**INSTRUCTIONS FOR THE TASK:** Reproduce the entries in full and exactly. Pictures stay out.

**TASK INPUT:**

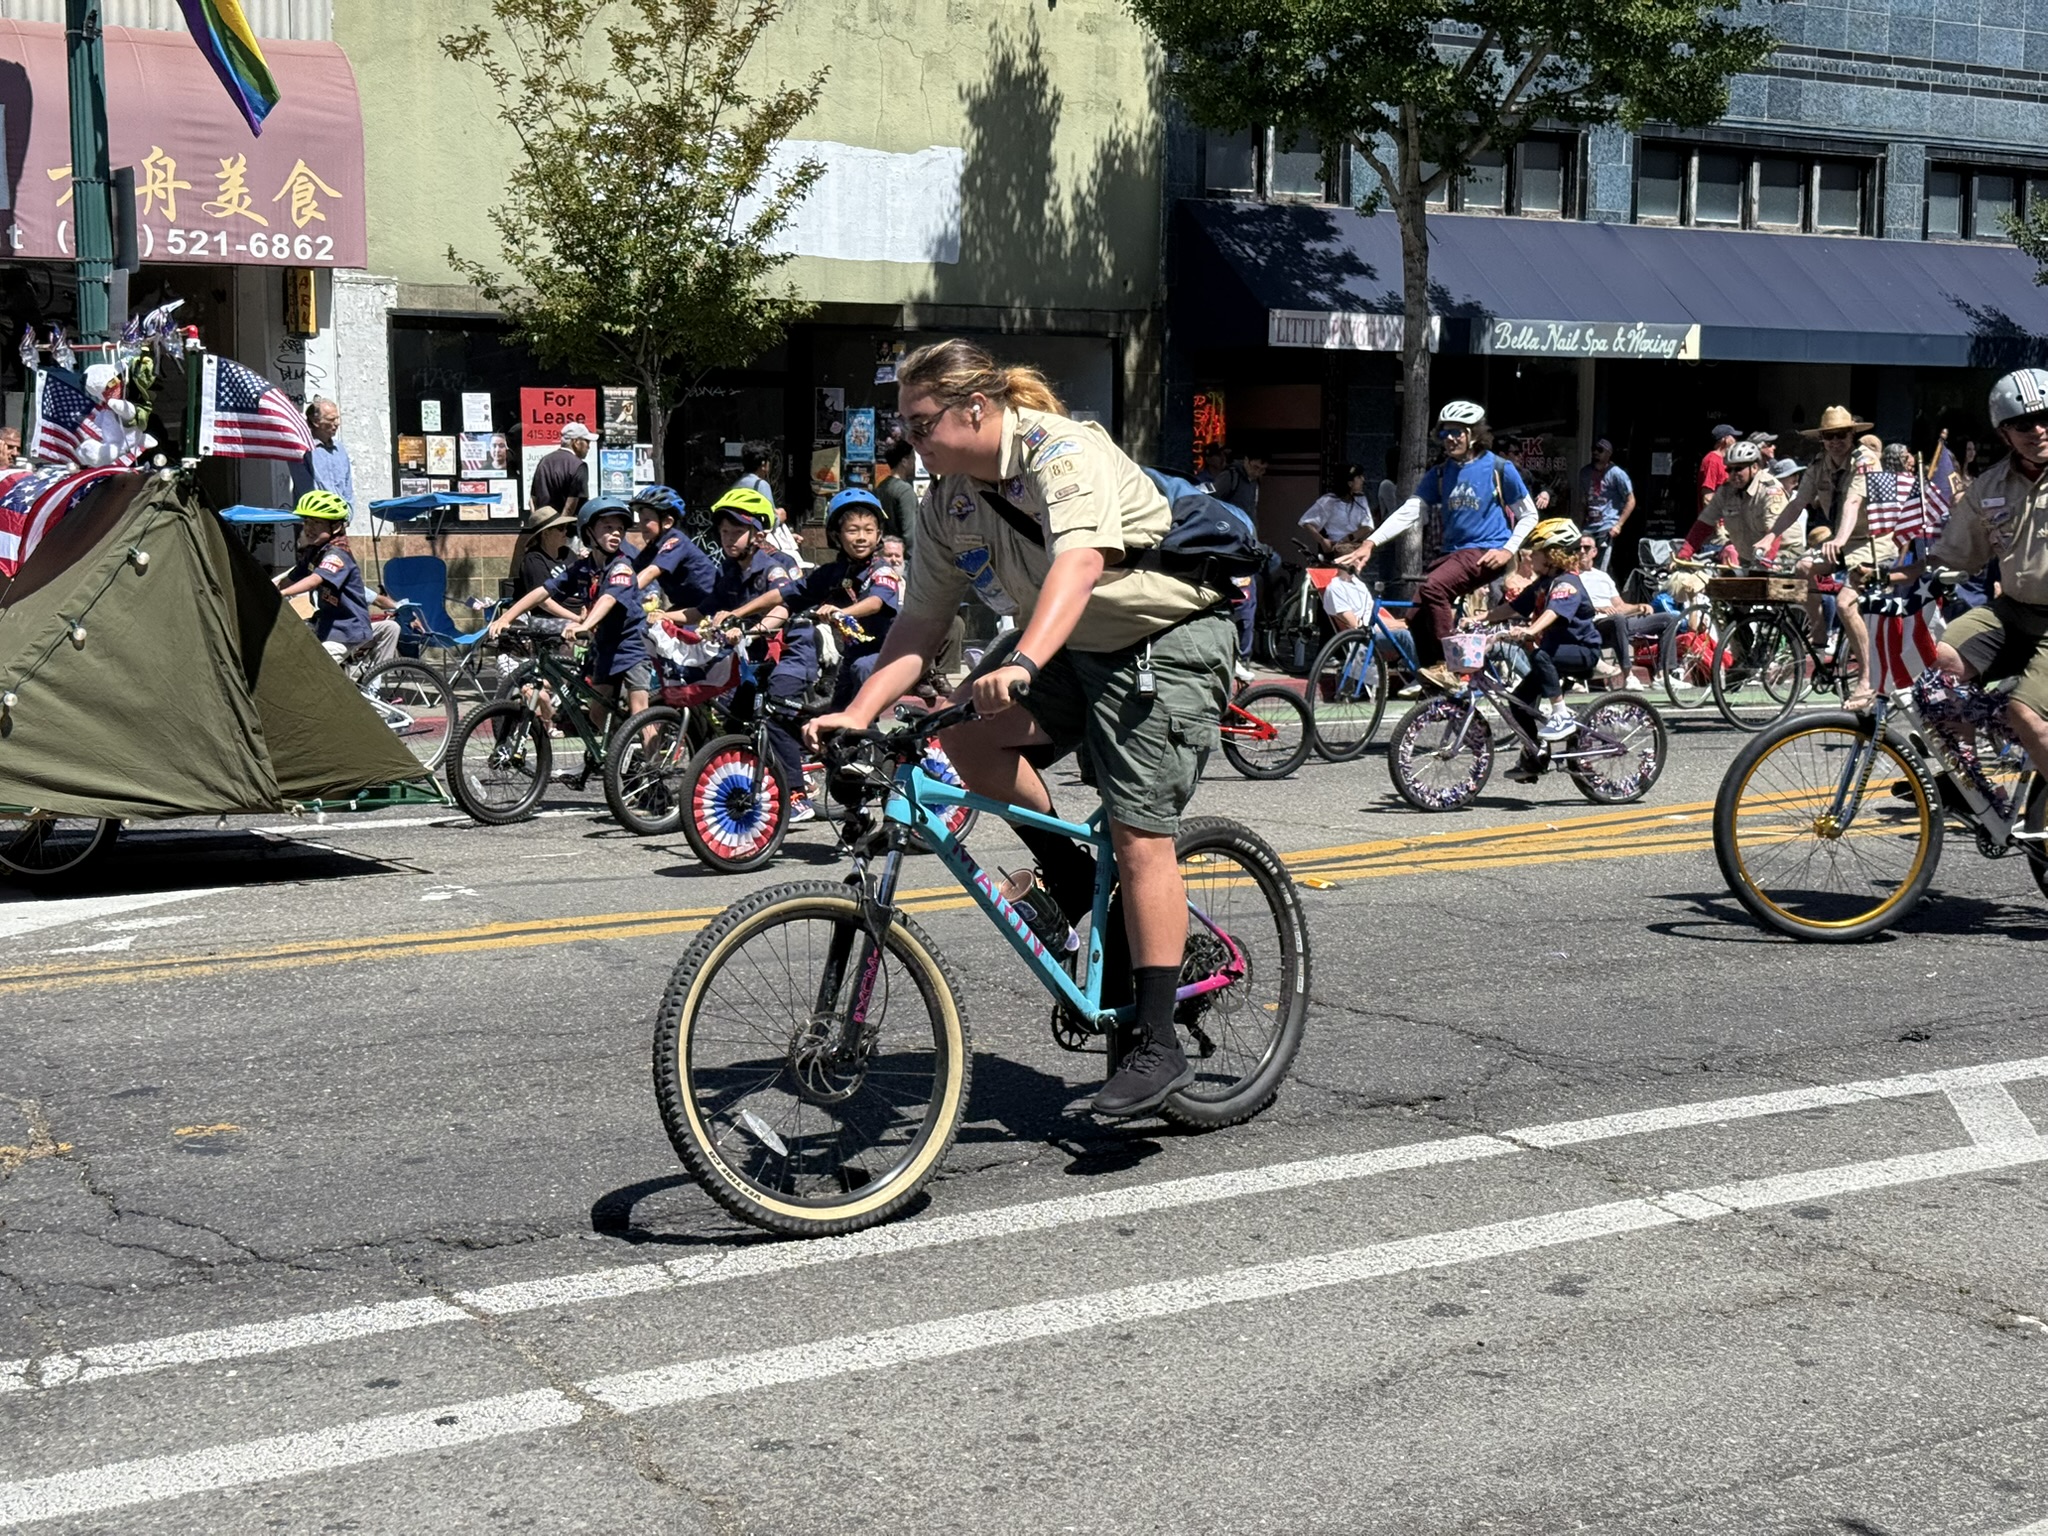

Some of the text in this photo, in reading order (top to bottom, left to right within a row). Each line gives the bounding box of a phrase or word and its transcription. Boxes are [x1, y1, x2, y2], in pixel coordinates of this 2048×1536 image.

[47, 145, 343, 229] 舟美食
[167, 229, 335, 261] 521-6862
[1276, 317, 1329, 345] LITTLE
[1495, 322, 1678, 359] Bella Nail Spa & Waxing
[543, 391, 575, 407] For
[532, 409, 586, 425] Lease
[527, 430, 561, 440] 415.39
[1051, 459, 1074, 476] 89
[950, 844, 1045, 958] MARIN
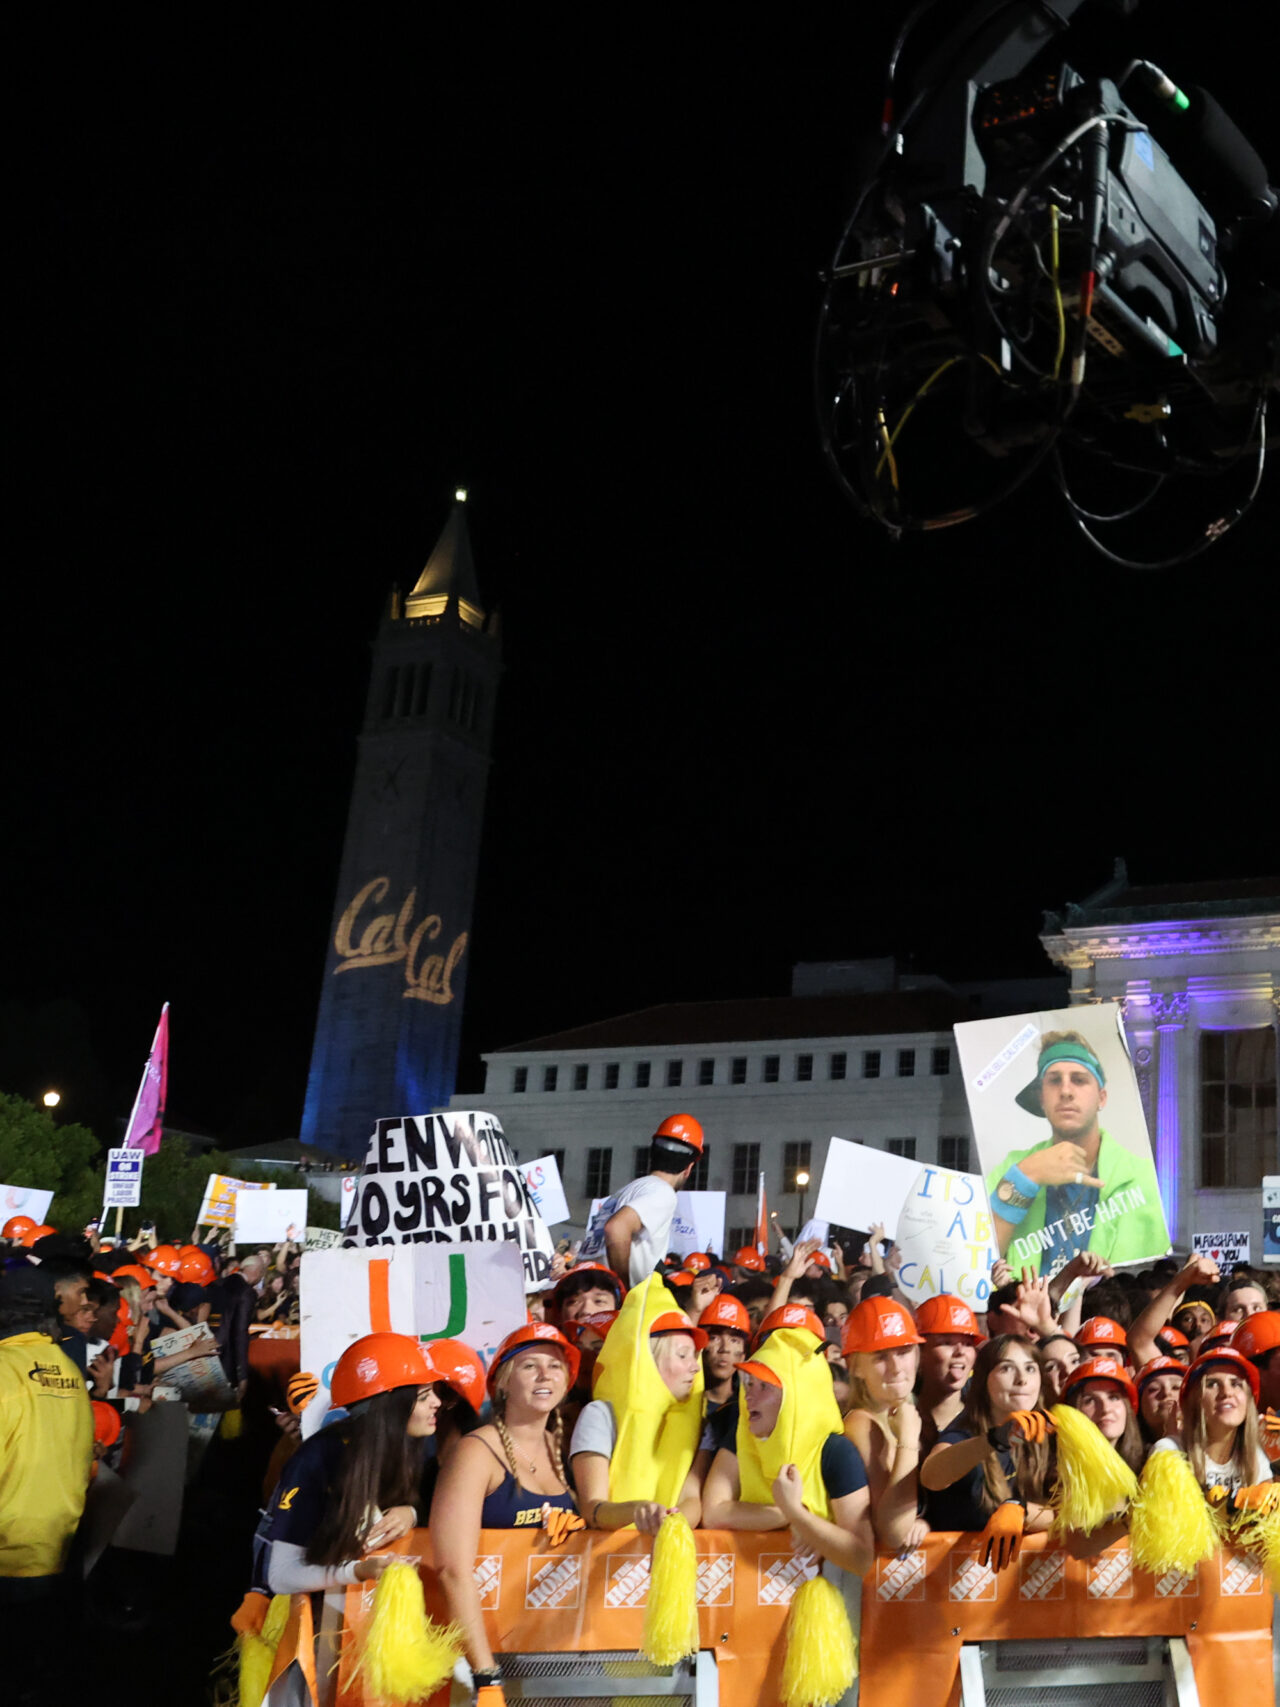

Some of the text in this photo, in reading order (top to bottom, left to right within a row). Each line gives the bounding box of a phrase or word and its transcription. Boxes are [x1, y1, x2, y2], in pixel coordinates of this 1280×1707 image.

[334, 877, 417, 975] Cal
[403, 914, 468, 1005] Cal
[111, 1151, 141, 1160] UAW
[394, 1174, 471, 1231] YRS
[478, 1168, 543, 1223] FOR
[1014, 1186, 1147, 1260] DON'T BE HATIN
[1194, 1233, 1248, 1248] MARSHAWN
[1222, 1249, 1240, 1261] YOU
[368, 1253, 468, 1342] U
[527, 1555, 581, 1608] HOME
[533, 1561, 555, 1582] THE
[547, 1577, 580, 1608] DEPOT
[606, 1554, 652, 1607] HOM
[625, 1576, 652, 1607] DEPO
[696, 1555, 733, 1603] OME
[877, 1551, 926, 1600] HOME
[950, 1556, 993, 1600] HOM
[1087, 1549, 1132, 1598] HOME
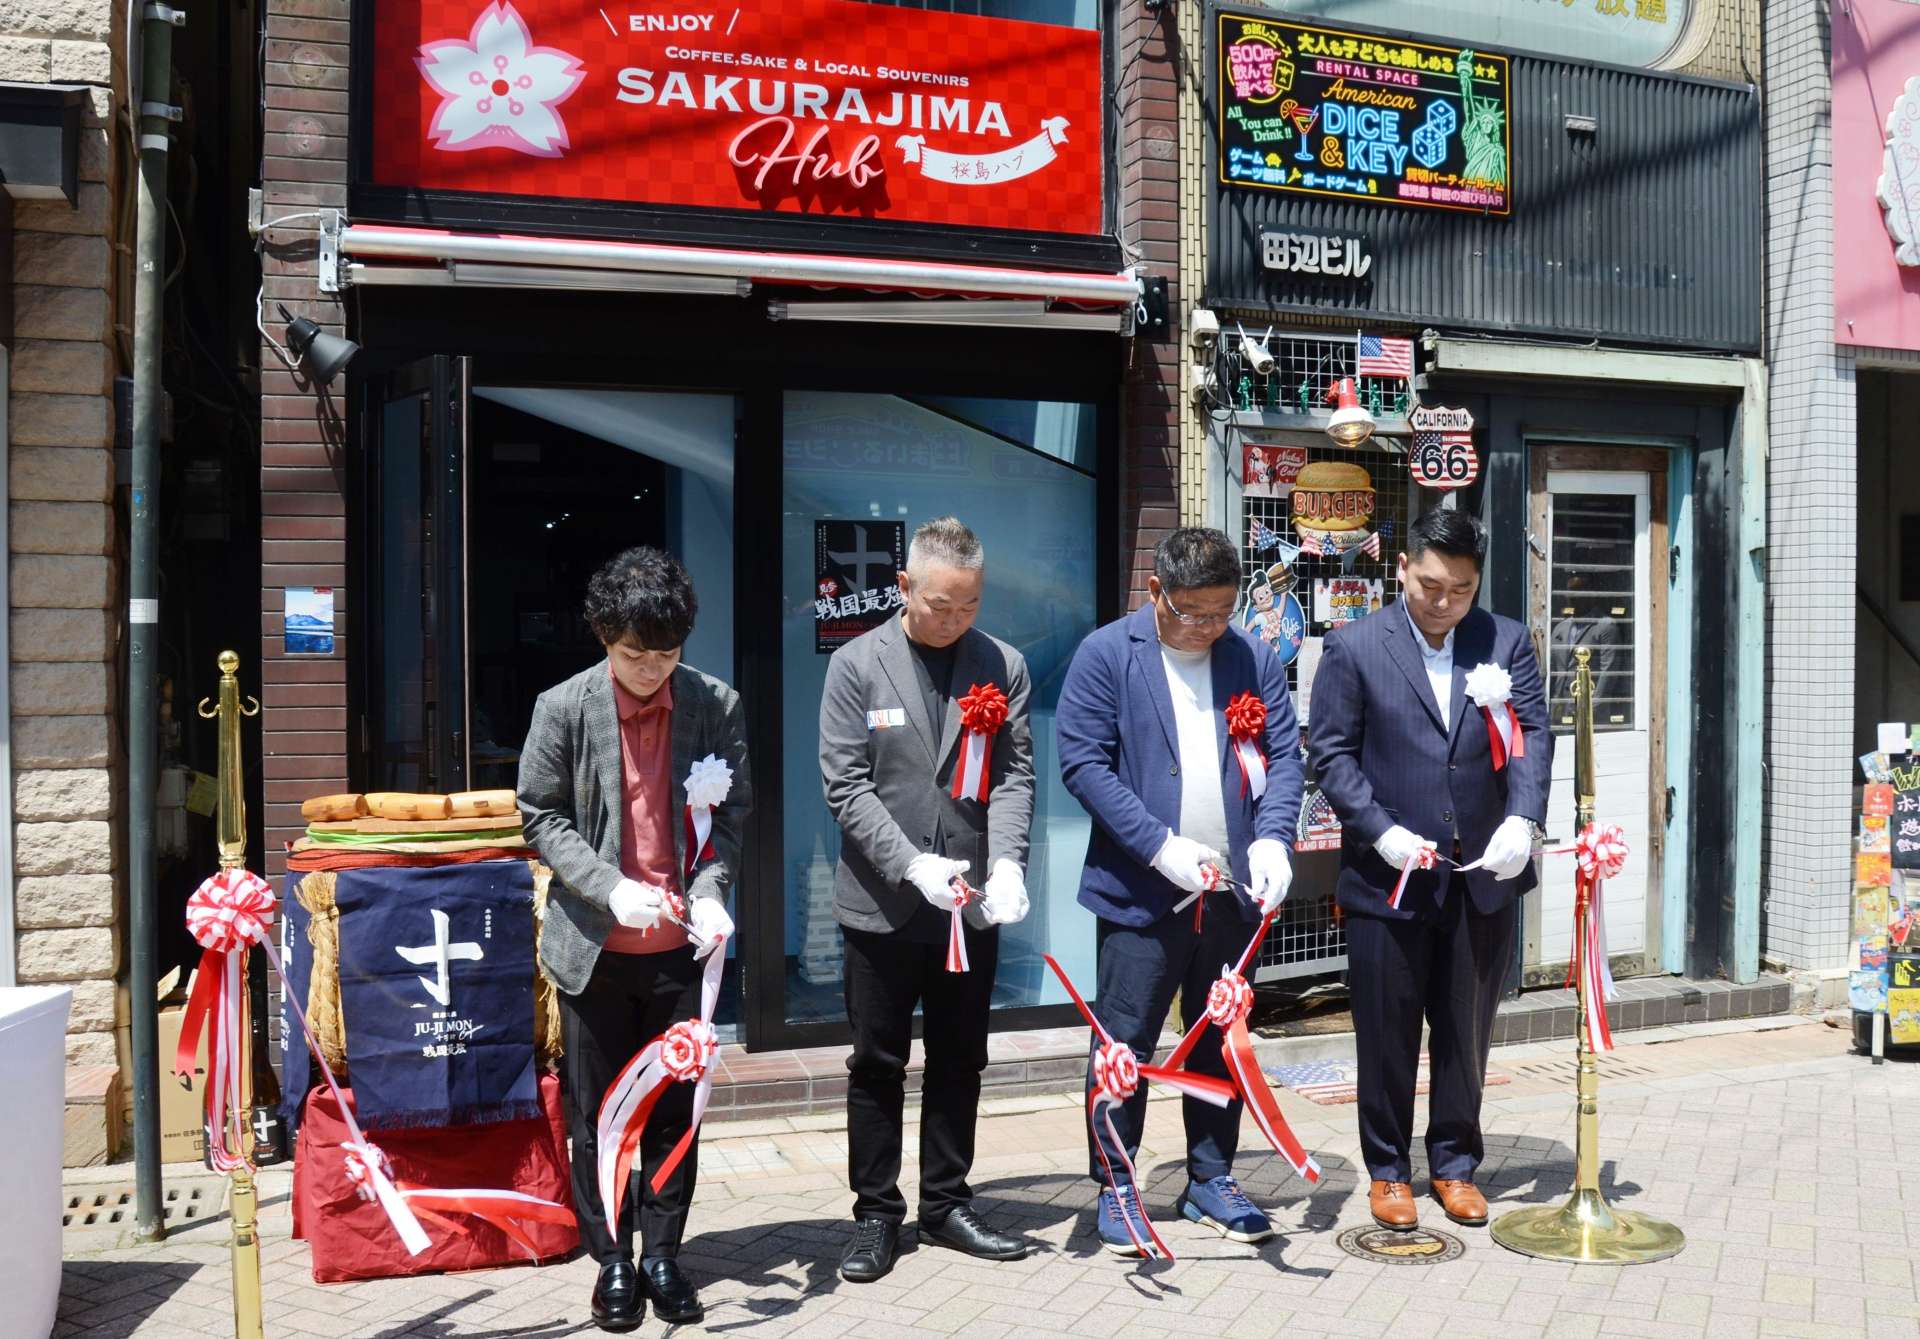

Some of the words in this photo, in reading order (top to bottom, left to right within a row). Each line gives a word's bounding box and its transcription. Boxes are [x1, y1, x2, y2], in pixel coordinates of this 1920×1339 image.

[629, 15, 714, 32] ENJOY
[794, 58, 807, 71] &
[1298, 33, 1454, 73] 大人も子どもも楽しめる
[1316, 60, 1369, 78] RENTAL
[1376, 68, 1419, 85] SPACE
[616, 67, 1011, 138] SAKURAJIMA
[1322, 78, 1416, 110] American
[1227, 106, 1242, 119] All
[1239, 118, 1261, 131] You
[1263, 118, 1283, 128] can
[1323, 102, 1400, 143] DICE
[1253, 130, 1283, 142] Drink
[728, 116, 884, 191] Hub
[951, 149, 1025, 181] 桜島ハブ
[1320, 136, 1344, 168] &
[1347, 139, 1408, 176] KEY
[1261, 231, 1372, 278] 田辺ビル
[1416, 412, 1468, 427] CALIFORNIA
[1420, 443, 1469, 481] 66
[1293, 491, 1375, 520] BURGERS
[815, 584, 907, 621] 戦国最強
[1299, 840, 1317, 849] LAND
[1319, 840, 1327, 849] OF
[414, 1022, 444, 1037] JU-JI
[446, 1019, 473, 1033] MON

**YOUR SOLUTION:**
Some of the text in this photo, in reading order (top to bottom, left to right within a row). Each line gives the bounding box of a phrase or word and its transcription. Boxes are [x1, y1, x2, y2], in pixel coordinates of this 2048×1536 image.

[47, 145, 343, 229] 舟美食
[167, 229, 335, 261] 521-6862
[1276, 317, 1329, 345] LITTLE
[1495, 322, 1678, 359] Bella Nail Spa & Waxing
[543, 391, 575, 407] For
[532, 409, 586, 425] Lease
[527, 430, 561, 440] 415.39
[1051, 459, 1074, 476] 89
[950, 844, 1045, 958] MARIN

Some of the text in this photo, in reading order (top to bottom, left to right within a row). Each line gives the bounding box of a phrase or word and its transcription. Boxes are [x1, y1, x2, y2], in pixel coordinates of this 1280×1707 image.

[334, 877, 417, 975] Cal
[403, 914, 468, 1005] Cal
[111, 1151, 141, 1160] UAW
[394, 1174, 471, 1231] YRS
[478, 1168, 543, 1223] FOR
[1014, 1186, 1147, 1260] DON'T BE HATIN
[1194, 1233, 1248, 1248] MARSHAWN
[1222, 1249, 1240, 1261] YOU
[368, 1253, 468, 1342] U
[527, 1555, 581, 1608] HOME
[533, 1561, 555, 1582] THE
[547, 1577, 580, 1608] DEPOT
[606, 1554, 652, 1607] HOM
[625, 1576, 652, 1607] DEPO
[696, 1555, 733, 1603] OME
[877, 1551, 926, 1600] HOME
[950, 1556, 993, 1600] HOM
[1087, 1549, 1132, 1598] HOME

Some of the words in this photo, in reading order (top to bottom, left to right within a row). Each line gives a word's bounding box and its transcription. Boxes are [x1, y1, x2, y2], in pixel coordinates of this 1920×1339 image.

[629, 15, 714, 32] ENJOY
[794, 58, 807, 71] &
[1298, 33, 1454, 73] 大人も子どもも楽しめる
[1316, 60, 1369, 78] RENTAL
[1376, 68, 1419, 85] SPACE
[616, 67, 1011, 138] SAKURAJIMA
[1322, 78, 1416, 110] American
[1227, 106, 1242, 119] All
[1239, 118, 1261, 131] You
[1263, 118, 1283, 128] can
[1323, 102, 1400, 143] DICE
[1253, 130, 1283, 142] Drink
[728, 116, 884, 191] Hub
[951, 149, 1025, 181] 桜島ハブ
[1320, 136, 1344, 168] &
[1347, 139, 1408, 176] KEY
[1261, 231, 1372, 278] 田辺ビル
[1416, 412, 1468, 427] CALIFORNIA
[1420, 443, 1469, 481] 66
[1293, 491, 1375, 520] BURGERS
[815, 584, 907, 621] 戦国最強
[1299, 840, 1317, 849] LAND
[1319, 840, 1327, 849] OF
[414, 1022, 444, 1037] JU-JI
[446, 1019, 473, 1033] MON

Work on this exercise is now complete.